What you will do:
Give the records below again, word for word. No pictures belong in the copy.

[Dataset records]
+--

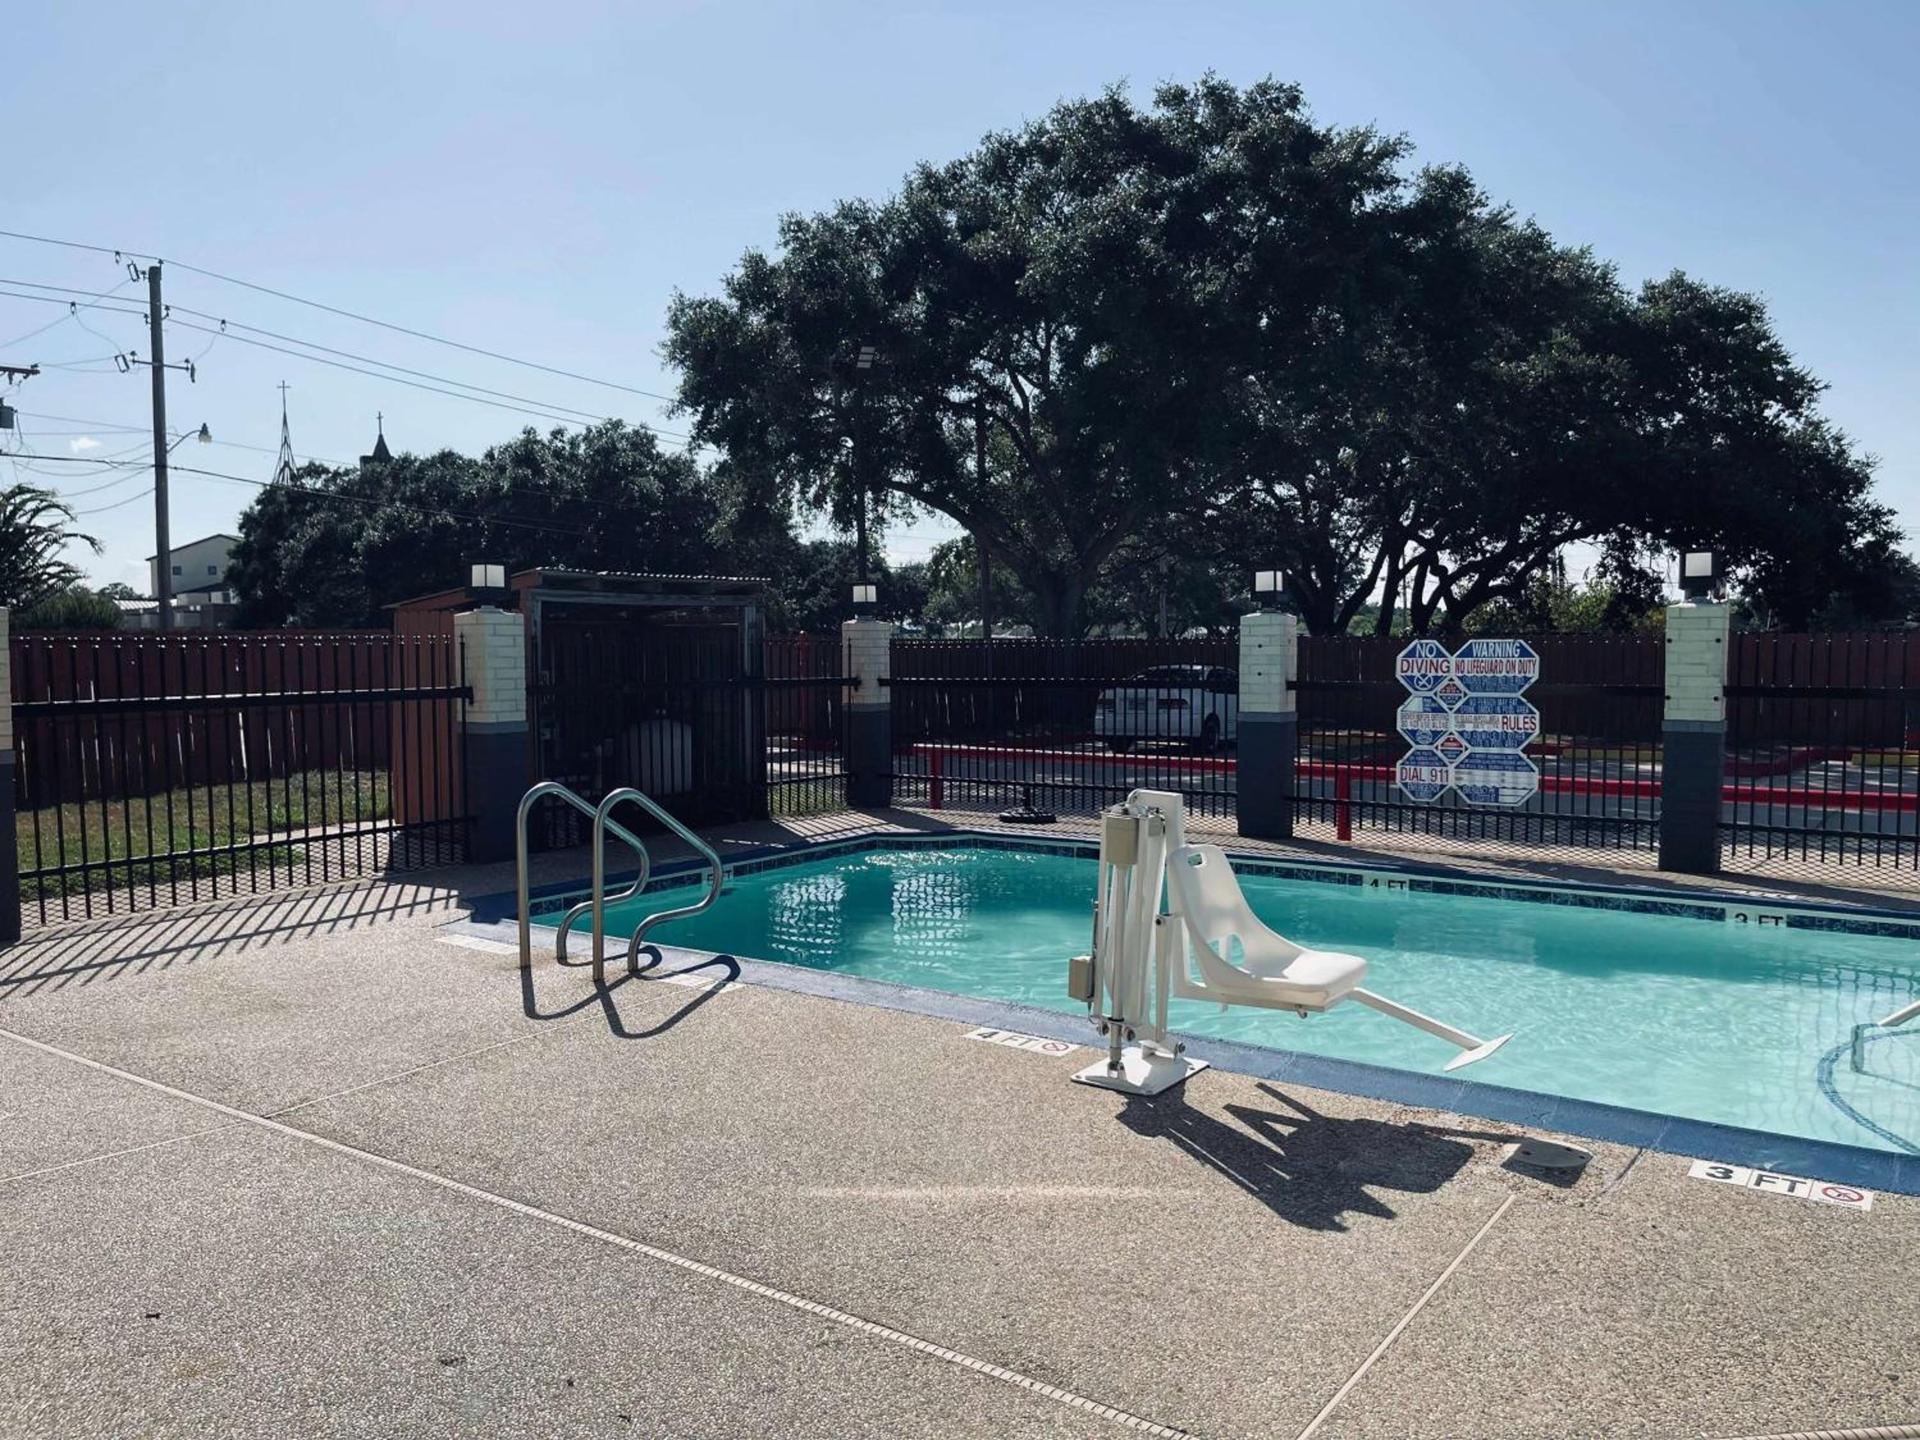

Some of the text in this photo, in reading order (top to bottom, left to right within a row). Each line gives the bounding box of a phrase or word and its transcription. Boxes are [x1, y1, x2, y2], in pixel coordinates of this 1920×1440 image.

[1416, 643, 1437, 658] NO
[1472, 642, 1520, 657] WARNING
[1400, 659, 1451, 674] DIVING
[1455, 659, 1537, 674] NO LIFEGUARD ON DUTY
[1501, 715, 1537, 731] RULES
[1400, 767, 1449, 783] DIAL 911
[1387, 880, 1407, 890] FT
[1758, 915, 1784, 926] FT
[977, 1031, 1039, 1046] 4 FT
[1705, 1166, 1806, 1194] 3 FT

+--

Answer section:
Some of the text in this photo, in reading order (top to bottom, left to right within a row). Each line gives the bounding box of a phrase or word and its transcription. Boxes are [x1, y1, x2, y2], in pixel coordinates of this 1920×1440 image.

[1416, 643, 1437, 658] NO
[1472, 642, 1520, 657] WARNING
[1400, 659, 1451, 674] DIVING
[1455, 659, 1537, 674] NO LIFEGUARD ON DUTY
[1501, 715, 1537, 731] RULES
[1400, 767, 1449, 783] DIAL 911
[1387, 880, 1407, 890] FT
[1758, 915, 1784, 926] FT
[977, 1031, 1039, 1046] 4 FT
[1705, 1166, 1806, 1194] 3 FT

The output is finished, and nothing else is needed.